* [PROBLEM TO SOLVE]:
Word for word, restate the lines from the one holding "this 1726×1535 image." through the end of the data below, including both endpoints and nothing more.

* [DATA SECTION]:

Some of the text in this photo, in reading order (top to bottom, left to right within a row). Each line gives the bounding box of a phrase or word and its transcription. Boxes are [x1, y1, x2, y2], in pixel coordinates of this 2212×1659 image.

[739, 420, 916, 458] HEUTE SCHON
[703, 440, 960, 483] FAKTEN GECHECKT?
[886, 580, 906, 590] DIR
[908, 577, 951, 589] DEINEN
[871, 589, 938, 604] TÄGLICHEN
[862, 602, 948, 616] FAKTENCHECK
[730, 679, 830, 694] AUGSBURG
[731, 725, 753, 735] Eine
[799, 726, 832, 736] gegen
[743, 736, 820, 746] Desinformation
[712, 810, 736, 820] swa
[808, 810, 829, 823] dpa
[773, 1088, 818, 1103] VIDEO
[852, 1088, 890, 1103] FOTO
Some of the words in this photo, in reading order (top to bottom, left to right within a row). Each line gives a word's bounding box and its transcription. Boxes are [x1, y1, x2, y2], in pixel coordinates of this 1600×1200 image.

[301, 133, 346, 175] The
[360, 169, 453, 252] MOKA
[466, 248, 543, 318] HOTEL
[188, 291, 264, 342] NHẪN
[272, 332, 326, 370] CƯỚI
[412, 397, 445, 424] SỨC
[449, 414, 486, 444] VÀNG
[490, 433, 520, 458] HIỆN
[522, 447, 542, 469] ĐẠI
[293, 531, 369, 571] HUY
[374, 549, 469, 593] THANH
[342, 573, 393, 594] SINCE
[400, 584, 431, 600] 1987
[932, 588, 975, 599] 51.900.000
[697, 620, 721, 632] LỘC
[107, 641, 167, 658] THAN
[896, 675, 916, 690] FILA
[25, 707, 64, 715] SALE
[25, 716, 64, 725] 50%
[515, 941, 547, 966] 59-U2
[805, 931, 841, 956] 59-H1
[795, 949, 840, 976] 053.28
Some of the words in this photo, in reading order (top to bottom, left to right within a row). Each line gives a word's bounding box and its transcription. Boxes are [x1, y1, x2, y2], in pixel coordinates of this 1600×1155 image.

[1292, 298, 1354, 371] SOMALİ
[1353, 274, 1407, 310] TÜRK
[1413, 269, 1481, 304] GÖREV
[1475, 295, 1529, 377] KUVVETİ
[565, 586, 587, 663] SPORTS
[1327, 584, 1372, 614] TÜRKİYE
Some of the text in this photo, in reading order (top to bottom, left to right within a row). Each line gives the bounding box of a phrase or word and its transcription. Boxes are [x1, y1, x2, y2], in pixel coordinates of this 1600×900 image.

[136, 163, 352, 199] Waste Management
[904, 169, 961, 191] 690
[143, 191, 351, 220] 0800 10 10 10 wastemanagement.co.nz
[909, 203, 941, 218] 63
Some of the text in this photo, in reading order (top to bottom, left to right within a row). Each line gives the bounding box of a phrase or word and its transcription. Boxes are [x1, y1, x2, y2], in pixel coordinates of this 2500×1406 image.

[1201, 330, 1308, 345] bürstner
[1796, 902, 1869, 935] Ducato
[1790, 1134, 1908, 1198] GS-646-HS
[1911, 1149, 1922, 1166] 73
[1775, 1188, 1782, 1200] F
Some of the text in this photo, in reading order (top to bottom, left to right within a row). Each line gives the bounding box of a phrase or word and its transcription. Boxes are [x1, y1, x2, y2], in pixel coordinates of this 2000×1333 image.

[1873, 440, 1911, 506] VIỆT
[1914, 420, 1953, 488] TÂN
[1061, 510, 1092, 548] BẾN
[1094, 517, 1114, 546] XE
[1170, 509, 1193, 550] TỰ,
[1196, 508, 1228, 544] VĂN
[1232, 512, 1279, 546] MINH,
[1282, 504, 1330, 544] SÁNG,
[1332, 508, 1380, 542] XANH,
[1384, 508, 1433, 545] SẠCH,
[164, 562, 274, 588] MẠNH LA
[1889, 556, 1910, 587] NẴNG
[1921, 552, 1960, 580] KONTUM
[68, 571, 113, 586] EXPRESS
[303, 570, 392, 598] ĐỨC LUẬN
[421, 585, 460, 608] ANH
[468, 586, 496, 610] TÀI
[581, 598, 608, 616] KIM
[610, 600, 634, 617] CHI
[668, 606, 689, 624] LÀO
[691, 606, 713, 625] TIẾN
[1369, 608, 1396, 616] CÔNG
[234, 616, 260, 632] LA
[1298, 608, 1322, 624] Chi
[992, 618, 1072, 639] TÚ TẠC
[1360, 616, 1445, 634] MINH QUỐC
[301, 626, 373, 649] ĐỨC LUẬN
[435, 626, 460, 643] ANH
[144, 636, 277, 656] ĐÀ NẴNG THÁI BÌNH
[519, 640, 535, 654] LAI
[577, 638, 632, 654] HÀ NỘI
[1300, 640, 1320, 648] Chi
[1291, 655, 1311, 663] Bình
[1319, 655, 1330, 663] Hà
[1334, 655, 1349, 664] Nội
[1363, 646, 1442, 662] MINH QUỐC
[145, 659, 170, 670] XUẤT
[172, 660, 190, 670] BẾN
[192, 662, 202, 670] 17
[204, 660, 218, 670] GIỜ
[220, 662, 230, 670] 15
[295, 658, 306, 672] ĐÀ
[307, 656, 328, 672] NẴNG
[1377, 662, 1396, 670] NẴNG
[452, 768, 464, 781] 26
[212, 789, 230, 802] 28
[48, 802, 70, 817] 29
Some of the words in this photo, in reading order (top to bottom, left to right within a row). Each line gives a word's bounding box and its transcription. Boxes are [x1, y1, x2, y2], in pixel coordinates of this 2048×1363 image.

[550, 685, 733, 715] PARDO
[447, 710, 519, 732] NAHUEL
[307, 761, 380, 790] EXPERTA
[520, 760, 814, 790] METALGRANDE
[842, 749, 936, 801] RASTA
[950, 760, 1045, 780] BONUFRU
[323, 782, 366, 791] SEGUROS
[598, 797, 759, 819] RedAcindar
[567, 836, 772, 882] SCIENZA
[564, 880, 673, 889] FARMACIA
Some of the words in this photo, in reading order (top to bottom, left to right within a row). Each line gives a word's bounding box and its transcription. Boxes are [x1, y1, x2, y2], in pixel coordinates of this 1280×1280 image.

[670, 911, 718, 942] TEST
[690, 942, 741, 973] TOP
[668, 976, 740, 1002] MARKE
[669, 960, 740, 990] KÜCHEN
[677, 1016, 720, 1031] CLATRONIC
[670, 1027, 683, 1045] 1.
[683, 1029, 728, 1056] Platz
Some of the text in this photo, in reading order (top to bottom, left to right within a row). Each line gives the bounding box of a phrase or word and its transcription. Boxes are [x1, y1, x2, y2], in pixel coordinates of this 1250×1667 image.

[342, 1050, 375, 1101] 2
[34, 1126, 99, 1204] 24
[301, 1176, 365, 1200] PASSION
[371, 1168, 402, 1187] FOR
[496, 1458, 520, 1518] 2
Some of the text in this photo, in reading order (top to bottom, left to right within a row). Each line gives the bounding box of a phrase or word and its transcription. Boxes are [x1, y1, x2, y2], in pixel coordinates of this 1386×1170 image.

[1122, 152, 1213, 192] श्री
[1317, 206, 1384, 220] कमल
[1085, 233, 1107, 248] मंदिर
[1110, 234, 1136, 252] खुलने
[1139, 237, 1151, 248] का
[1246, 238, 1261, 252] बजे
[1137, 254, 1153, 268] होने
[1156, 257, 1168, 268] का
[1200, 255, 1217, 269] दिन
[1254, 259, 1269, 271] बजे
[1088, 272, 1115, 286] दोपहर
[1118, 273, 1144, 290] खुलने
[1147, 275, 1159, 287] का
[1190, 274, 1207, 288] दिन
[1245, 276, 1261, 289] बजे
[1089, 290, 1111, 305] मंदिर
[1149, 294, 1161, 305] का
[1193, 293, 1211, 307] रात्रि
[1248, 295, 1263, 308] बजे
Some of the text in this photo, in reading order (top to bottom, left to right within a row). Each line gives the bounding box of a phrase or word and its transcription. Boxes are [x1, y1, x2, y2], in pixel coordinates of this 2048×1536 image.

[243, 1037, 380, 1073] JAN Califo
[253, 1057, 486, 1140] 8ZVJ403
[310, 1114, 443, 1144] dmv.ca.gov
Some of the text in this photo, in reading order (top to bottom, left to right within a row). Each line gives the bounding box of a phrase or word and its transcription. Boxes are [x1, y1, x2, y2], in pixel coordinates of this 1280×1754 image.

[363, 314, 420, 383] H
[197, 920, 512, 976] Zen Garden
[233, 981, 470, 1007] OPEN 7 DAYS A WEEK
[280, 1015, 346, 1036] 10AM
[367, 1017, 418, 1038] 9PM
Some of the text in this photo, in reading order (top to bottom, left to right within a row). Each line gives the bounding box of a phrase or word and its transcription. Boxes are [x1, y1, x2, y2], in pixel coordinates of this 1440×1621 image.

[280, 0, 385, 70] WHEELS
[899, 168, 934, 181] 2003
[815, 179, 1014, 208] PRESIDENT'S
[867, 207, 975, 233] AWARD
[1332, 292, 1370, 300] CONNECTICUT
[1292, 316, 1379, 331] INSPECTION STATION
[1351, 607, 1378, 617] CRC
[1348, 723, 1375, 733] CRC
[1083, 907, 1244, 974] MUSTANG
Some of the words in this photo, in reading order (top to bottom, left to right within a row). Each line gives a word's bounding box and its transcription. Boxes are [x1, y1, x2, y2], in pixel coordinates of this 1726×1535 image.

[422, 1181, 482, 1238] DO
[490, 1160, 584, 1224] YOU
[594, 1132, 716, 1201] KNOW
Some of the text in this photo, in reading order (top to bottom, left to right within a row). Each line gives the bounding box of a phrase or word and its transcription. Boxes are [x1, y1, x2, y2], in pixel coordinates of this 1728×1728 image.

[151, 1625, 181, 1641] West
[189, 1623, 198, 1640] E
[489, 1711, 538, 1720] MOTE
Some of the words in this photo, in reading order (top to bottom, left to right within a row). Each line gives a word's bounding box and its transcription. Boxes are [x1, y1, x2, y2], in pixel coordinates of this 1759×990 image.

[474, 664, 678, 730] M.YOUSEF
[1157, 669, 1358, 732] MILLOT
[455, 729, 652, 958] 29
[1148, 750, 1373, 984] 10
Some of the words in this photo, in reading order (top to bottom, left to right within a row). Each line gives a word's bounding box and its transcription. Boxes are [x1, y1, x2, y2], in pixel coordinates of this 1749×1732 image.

* [RESPONSE AREA]:
Some of the words in this photo, in reading order (top to bottom, left to right within a row). Each line gives a word's bounding box and its transcription. Boxes are [x1, y1, x2, y2], in pixel coordinates of this 1726×1535 image.

[422, 1181, 482, 1238] DO
[490, 1160, 584, 1224] YOU
[594, 1132, 716, 1201] KNOW
Some of the text in this photo, in reading order (top to bottom, left to right within a row). Each line gives the bounding box of a phrase or word and its transcription. Boxes are [x1, y1, x2, y2], in pixel coordinates of this 1728×1728 image.

[151, 1625, 181, 1641] West
[189, 1623, 198, 1640] E
[489, 1711, 538, 1720] MOTE
Some of the words in this photo, in reading order (top to bottom, left to right within a row). Each line gives a word's bounding box and its transcription. Boxes are [x1, y1, x2, y2], in pixel coordinates of this 1759×990 image.

[474, 664, 678, 730] M.YOUSEF
[1157, 669, 1358, 732] MILLOT
[455, 729, 652, 958] 29
[1148, 750, 1373, 984] 10
Some of the words in this photo, in reading order (top to bottom, left to right within a row). Each line gives a word's bounding box and its transcription. Boxes are [x1, y1, x2, y2], in pixel coordinates of this 1749×1732 image.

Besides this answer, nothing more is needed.